In that example, if the witness were able to communicate with whomever had the conn of the ship, it would be imperative to let that person know what was happening.
Okay, I chose a confusing example. In that one, the skipper would probably have nothing to do with the fact that his ship was being steered towards a big rock - some poor junior officer standing behind the shoulder of an enlisted steering wheel turner chap would be relying on incorrect data, and that
is where the alert bystander should direct his communications.
In the Trek case, Wesley would of course know that Kirk would be in actual charge. That's quite different from him merely knowing that Kirk was legally culpable, and would IMHO fully justify him yelling at Kirk when the Enterprise
As for Wesley being surprisingly happy about a technology that erases his own job, well, the air forces of the world today are full of people like that. They see great merit in taking the pilot out of the aircraft, and realize that this in no way reduces the force's need for gifted and experienced officers.
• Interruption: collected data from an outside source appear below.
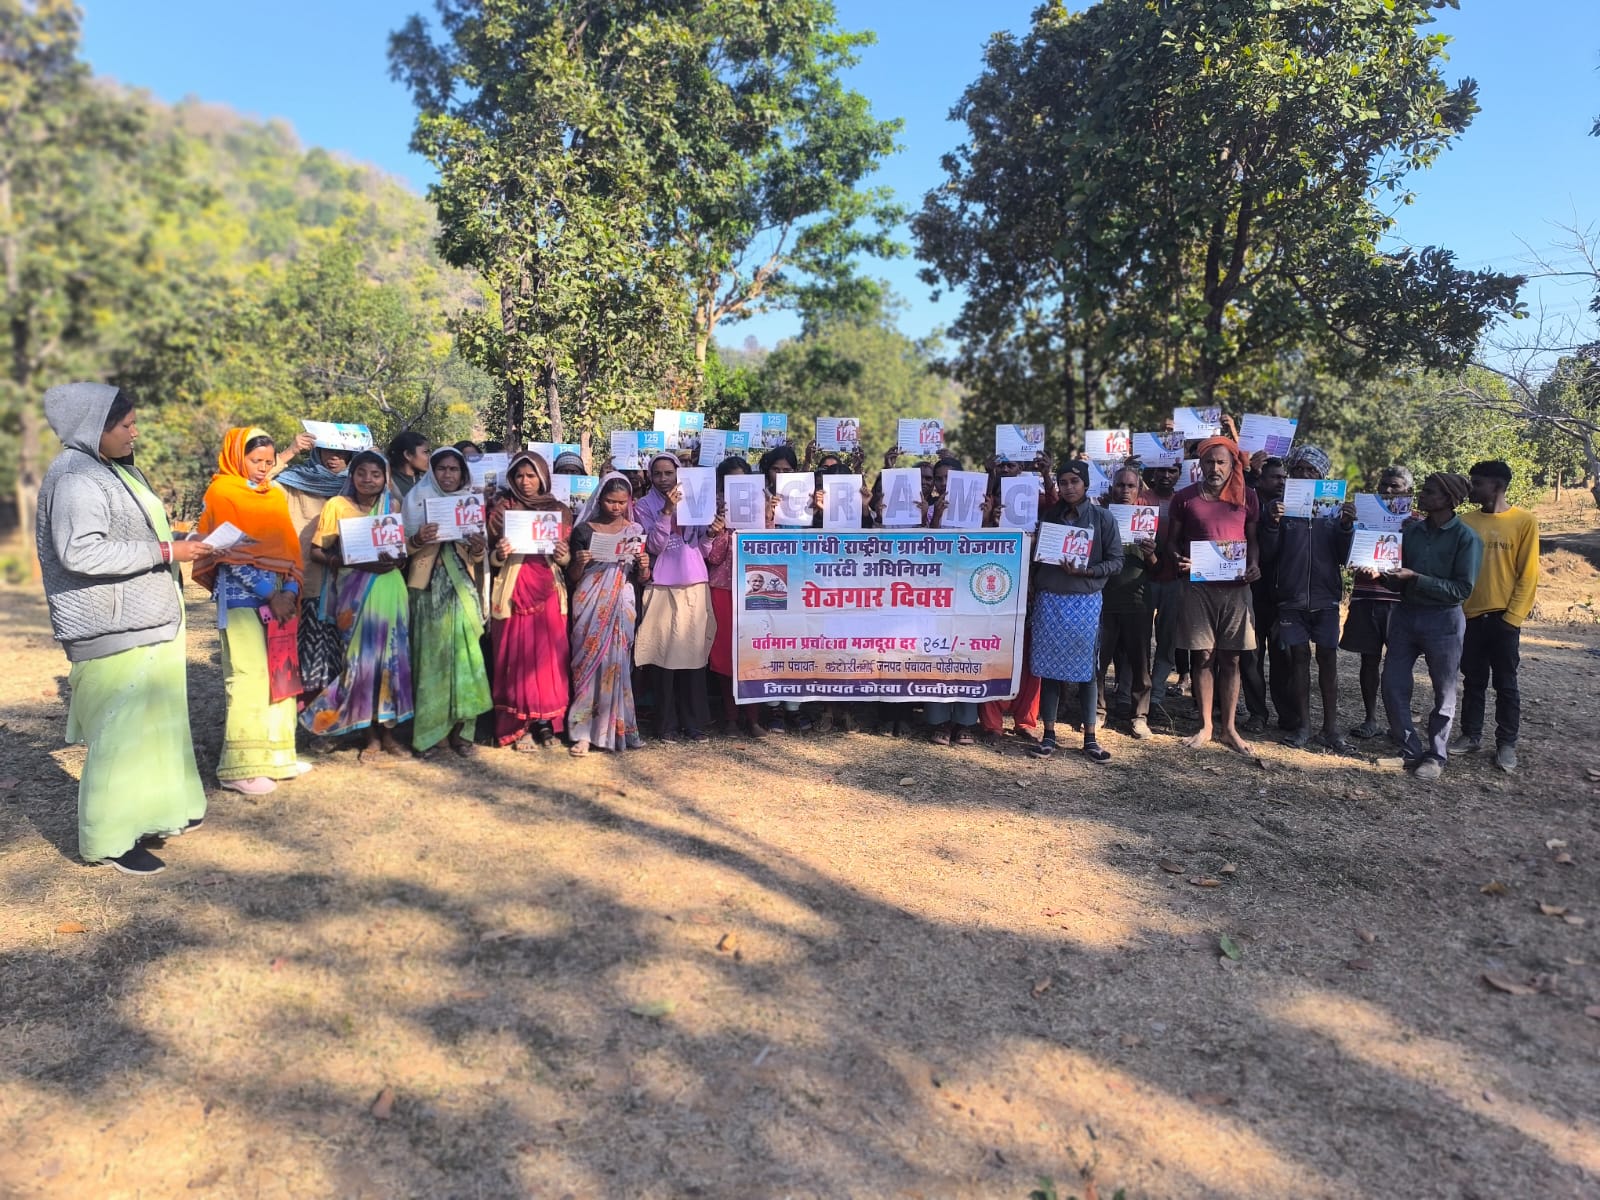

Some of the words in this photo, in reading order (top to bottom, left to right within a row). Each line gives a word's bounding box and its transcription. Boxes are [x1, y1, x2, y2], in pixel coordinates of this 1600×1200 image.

[767, 415, 782, 425] 125
[643, 433, 659, 442] 125
[839, 427, 857, 441] 125
[920, 430, 940, 444] 125
[1107, 438, 1127, 454] 125
[576, 478, 592, 487] 125
[1322, 482, 1338, 491] 125
[681, 477, 713, 519] V
[729, 482, 759, 523] B
[829, 482, 857, 521] R
[885, 474, 914, 520] A
[946, 477, 982, 522] M
[1004, 484, 1035, 526] G
[457, 506, 482, 526] 125
[1133, 515, 1156, 531] 125
[373, 527, 401, 547] 125
[534, 523, 559, 541] 125
[619, 541, 642, 556] 125
[742, 540, 798, 555] महात्मा
[802, 535, 840, 555] गांधी
[844, 535, 893, 557] राष्ट्रीय
[897, 536, 954, 555] ग्रामीण
[958, 535, 1017, 554] रोजगार
[1065, 537, 1089, 555] 125
[1377, 543, 1399, 560] 125
[815, 559, 858, 577] गारंटी
[862, 559, 942, 577] अधिनियम
[801, 581, 885, 608] रोजगार
[890, 581, 954, 608] दिवस
[752, 632, 797, 650] वर्तमान
[899, 637, 917, 651] दर
[769, 661, 785, 673] ग्राम
[876, 660, 902, 673] जनपद
[763, 682, 802, 694] जिला
[907, 681, 988, 696] (छत्तीसगढ़)
And that insignia of his? I don't believe it's "Starfleet Command" at all. It's just another one of those Fleet insignia. You know, arrowhead for 1st Fleet, starburst-flower for 3rd Fleet, rectangle for 11th Fleet, fancy lotus leaf for 23rd Logistics Fleet, etc.
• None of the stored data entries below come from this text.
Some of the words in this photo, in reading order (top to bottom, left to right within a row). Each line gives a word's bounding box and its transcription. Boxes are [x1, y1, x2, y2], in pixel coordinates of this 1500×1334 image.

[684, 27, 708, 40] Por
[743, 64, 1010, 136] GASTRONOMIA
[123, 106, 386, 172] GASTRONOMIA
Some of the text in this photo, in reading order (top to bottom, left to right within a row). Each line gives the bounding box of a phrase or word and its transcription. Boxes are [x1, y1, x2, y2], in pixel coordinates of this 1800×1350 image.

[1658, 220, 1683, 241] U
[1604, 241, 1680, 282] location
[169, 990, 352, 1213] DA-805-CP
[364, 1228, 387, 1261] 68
But, malfunctioning off switches? Only in Hollywood. M-5 isn't a nuclear reactor: you can turn it off in a thousand different ways, some destructive, some not. And at least fifty of those will work come hell or high vacuum.
As regards taking these ships away from the front lines, I'm not sure if that's a big sacrifice at all. Perhaps Starships are predominantly exploration vessels with little or no use in defense (since the only "defense" job we ever saw Kirk handle was a purposeless vigil at the eternally peaceful Romulan Neutral Zone - and never mind that things unexpectedly went south there).